Key Facts about Ben Franklin Transit

Introduction and Summary

New research released by Washington Policy Center, a non-partisan, public policy think tank with offices in Seattle, Olympia, Spokane and Tri-Cities, provides key facts about the Ben Franklin Transit system.

Ben Franklin Transit (BFT) is a Public Transportation Benefit Authority and serves the Tri-Cities region in southeastern Washington state. BFT provides fixed route bus, demand response and a robust vanpool program to residents in or near the cities of Richland, Kennewick, Pasco and Prosser.

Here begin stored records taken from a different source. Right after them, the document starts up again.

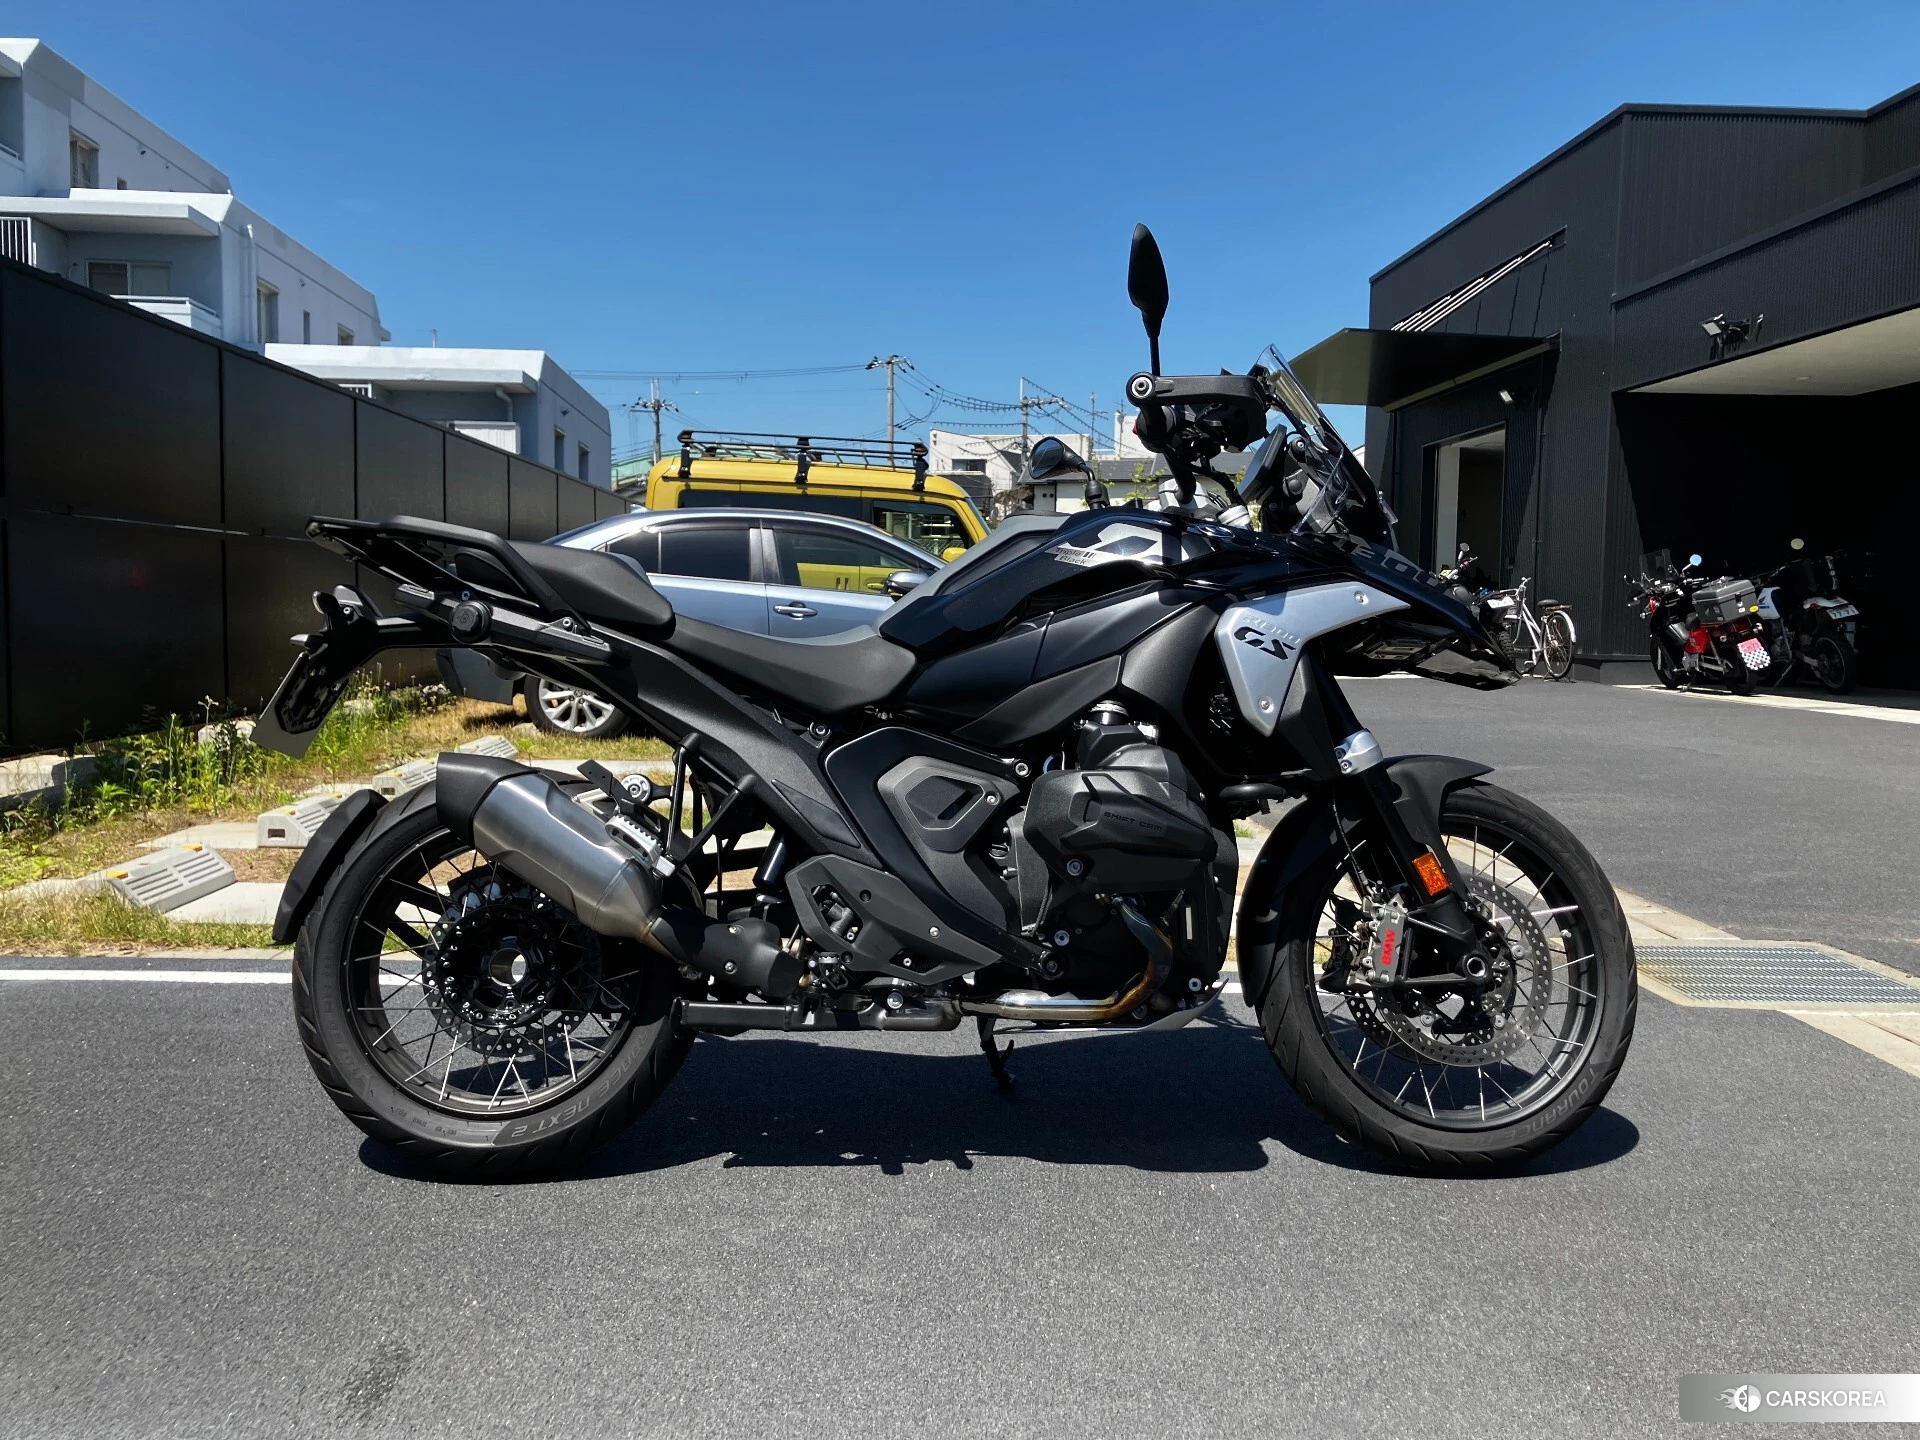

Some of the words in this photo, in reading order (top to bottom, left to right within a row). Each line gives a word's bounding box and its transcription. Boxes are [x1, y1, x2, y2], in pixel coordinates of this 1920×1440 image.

[1055, 547, 1082, 557] Triple
[1060, 555, 1087, 565] Black
[1233, 626, 1297, 661] GS
[1103, 811, 1136, 824] SHIFT
[1381, 927, 1397, 967] BMW
[1503, 1067, 1600, 1141] TOURANCE

The entire service area includes a population of about 211,170 residents, which makes BFT the eighth largest transit service area in Washington.

Ben Franklin Transit’s governing body includes a nine-member board of directors made up of local elected officials.

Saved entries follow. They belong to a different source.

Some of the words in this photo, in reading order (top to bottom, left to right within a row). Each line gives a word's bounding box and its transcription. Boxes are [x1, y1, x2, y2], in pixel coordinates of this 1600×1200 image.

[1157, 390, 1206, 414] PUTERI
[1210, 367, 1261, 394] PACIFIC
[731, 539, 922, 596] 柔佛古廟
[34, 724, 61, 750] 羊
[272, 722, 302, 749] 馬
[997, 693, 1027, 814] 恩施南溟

BFT’s total operating revenues in 2010 were $30.1 million, with total operating expenses of $26.7 million. BFT ended 2010 with $4.3 million in cash assets. 80% ($23.9 million) of BFT’s revenues were derived from sales tax collections, while total farebox revenues were only $3.9 million (13% of total revenues) for the year. BFT directors impose the maximum sales tax they are allowed by state law, 0.6%.

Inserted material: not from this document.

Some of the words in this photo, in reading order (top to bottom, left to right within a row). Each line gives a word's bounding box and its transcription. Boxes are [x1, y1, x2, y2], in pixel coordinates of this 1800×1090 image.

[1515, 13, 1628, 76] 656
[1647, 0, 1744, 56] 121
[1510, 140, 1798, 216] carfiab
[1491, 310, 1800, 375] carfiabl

Like most transit agencies across the country, BFT has experienced falling bus ridership and rising costs. Some of this is a result of the agency’s vanpool program, a bright spot for BFT officials. Over the last decade, while bus ridership has fallen, vanpool ridership has doubled. This is great news because vanpools operate at a fraction of the costs and users, not taxpayers, pay most of the operating expenses. In 2009, taxpayers subsidized $3.16 for every passenger trip made on BFT’s buses, while vanpools only required taxpayers to cover 25 cents per passenger trip.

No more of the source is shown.